I have a strongly aperiodic signal and I get weird artifacts after running a fft, using a low-pass filter, and then doing an inverse fft. I believe the artifacts are due to the way the signal is assumed to be periodic and "wrapped" at the ends. (Like I said, I'm a complete beginner here.)

I understand the usual way of handling aperiodic signals is via a window function, but applying a window function (say, Hamming) to my data looks like it squishes the data too much and like it would generate worse artifacts.

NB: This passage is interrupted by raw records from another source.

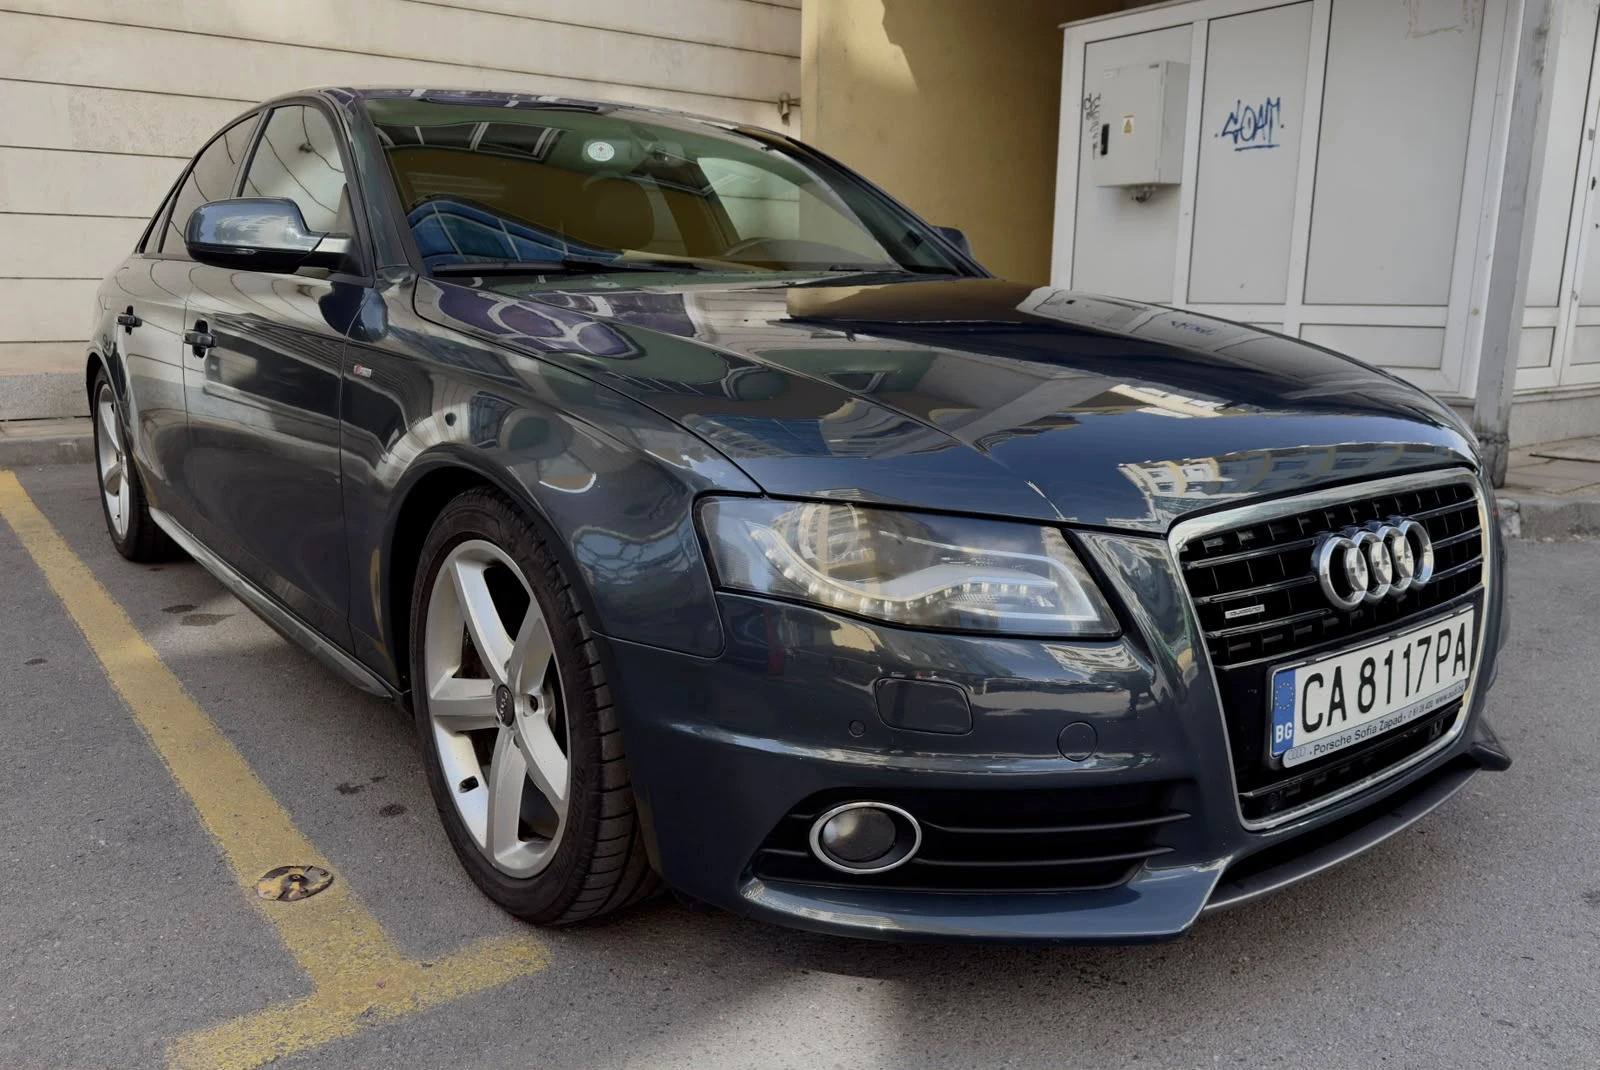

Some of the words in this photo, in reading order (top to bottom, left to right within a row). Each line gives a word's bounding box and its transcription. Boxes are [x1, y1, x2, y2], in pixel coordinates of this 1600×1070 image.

[1275, 722, 1293, 744] BG
[1313, 735, 1352, 756] Porsche
[1354, 724, 1378, 741] Sofia
[1379, 715, 1403, 731] Zapad
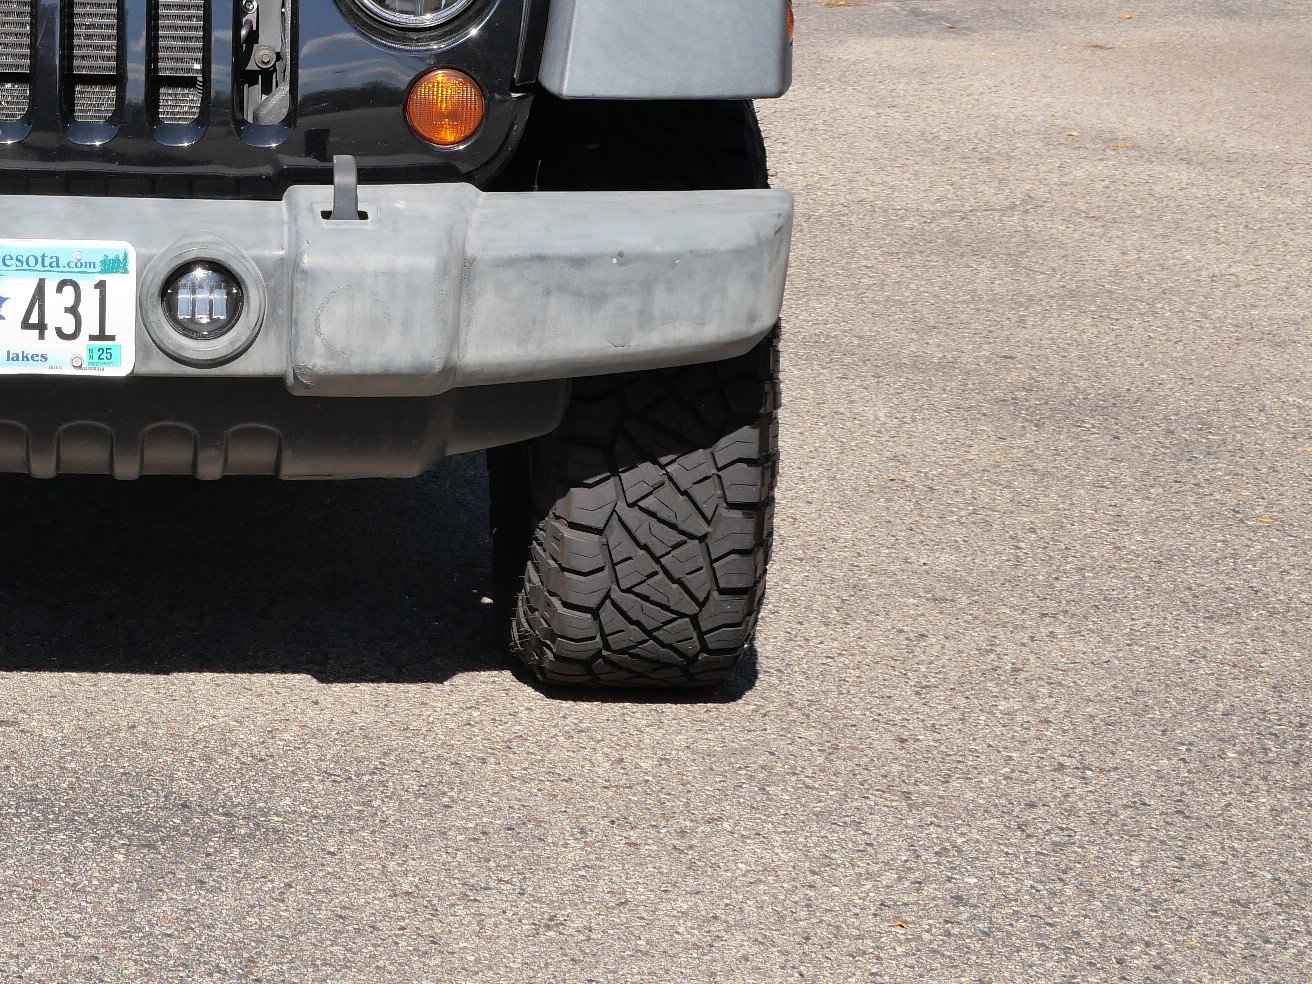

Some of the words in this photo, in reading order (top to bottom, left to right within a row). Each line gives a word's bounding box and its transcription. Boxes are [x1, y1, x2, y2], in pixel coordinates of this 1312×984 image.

[20, 277, 116, 342] 431
[6, 349, 48, 363] lakes
[97, 347, 113, 361] 25
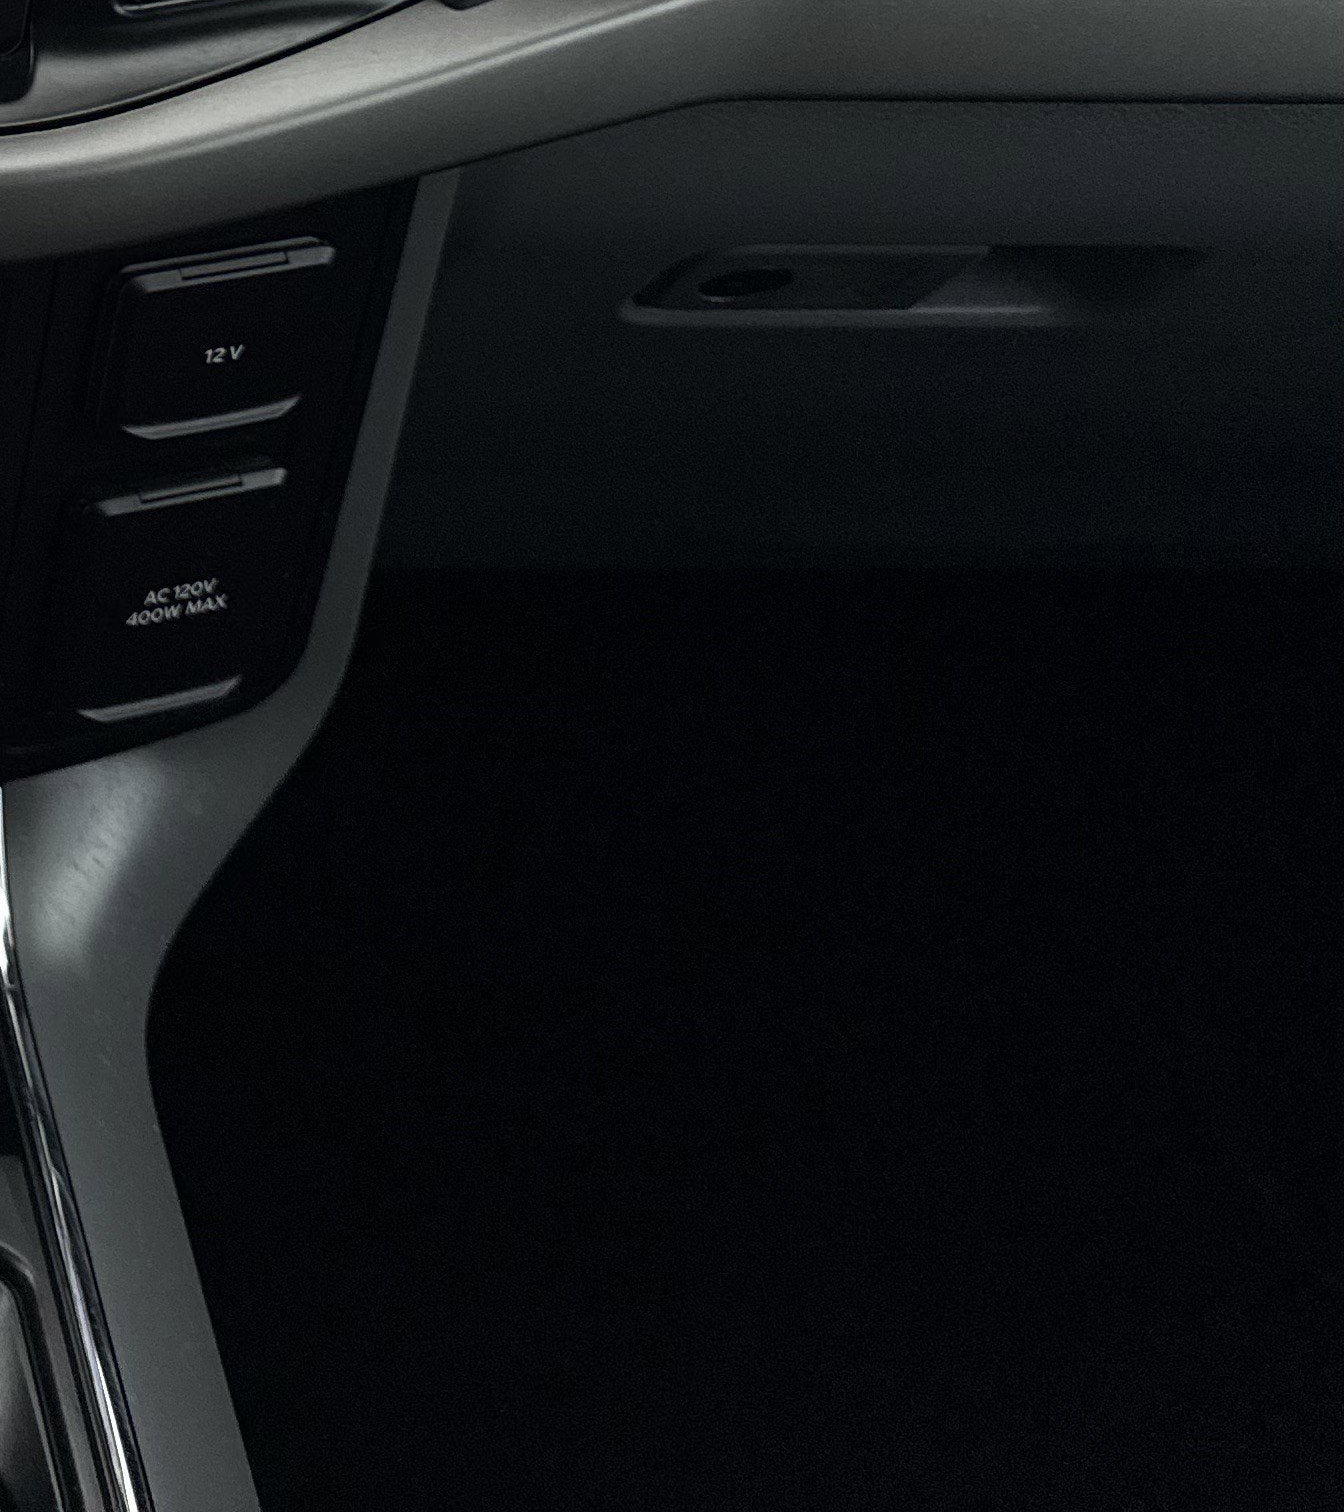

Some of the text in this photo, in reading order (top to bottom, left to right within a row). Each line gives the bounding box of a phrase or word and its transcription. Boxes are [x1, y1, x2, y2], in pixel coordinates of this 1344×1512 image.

[143, 577, 220, 606] AC 120V
[125, 593, 229, 626] 400W MAX

What sort of seems like it works is to

1. surround the signal with silence, by prepending and appending a segment of 0s,

2. doing the fft, applying the filter, etc., and then inverting the fft, then

3. clipping off the silence segments off the beginning and end.

The result of step 1 looks like applying a rectangular window function to a longer signal, so I think that's ok, but...

1. Is what I'm doing in any way reasonable?

2. If so, what are the effects? And what is the best way to determine the length of the segments of 0s? (Currently, 10% of the original signal seems like it's not bad.)

3. If not, is there another way to do this?

Answer 1

It sounds to me like you are experiencing time-domain aliasing. First, two basic facts:

1. Recall that if $x[n]$ is of length $N$ and $h[n]$ is of length $M$ then $x[n]\ast h[n]$ is of length $N+M-1$.

Fact 1 does not matter in what domain you perform the convolution/filtering. So, if you modify the DFT of $x[n]$ by "shaping" its spectrum, then there exists an equivalent filter $h[n]$ in the time domain, which defines an implicit length $M$.

2. Taking an $N_1$-point IDFT of an $N_2$-point signal for $N_1 < N_2$ results in time-aliasing.

Fact 2 is the dual to frequency aliasing by undersampling. I'll illustrate this as follows: let $x_1[n]$ denote a signal of size $N_1$. Then, if we take an $N_1$-point DFT of $x_1$ and modify its spectrum so the size should be $N_2>N_1$, then taking an $N_1$-point IDFT is equivalent to obtaining the signal $x_2$ given by: \begin{eqnarray} x_2[n] = \sum_{p=0}^{\infty}x[n+pN_1] \end{eqnarray}

This seems to be consistent with what you have mentioned. As you correctly noted, zero padding the original signal is exactly the solution! Essentially just zero-pad such that the terms in the above equation for $p>0$ are all zero-valued. Also, using the ideas above gives you a way to understand the exact amount of zero-padding necessary based on the implicit filter $h[n]$ your frequency domain shaping yields. Good luck!

Answer 2

If you can determine the length of the impulse response of your filter (or a finite length above your desired noise floor), that's the amount of zeros you need to add as zero padding before your FFT-IFFT fast convolution filtering.

Note that an extremely sharp filter (similar to zeroing FFT bins) will have a longer and more "ripply" impulse response than one with a "softer" transition band.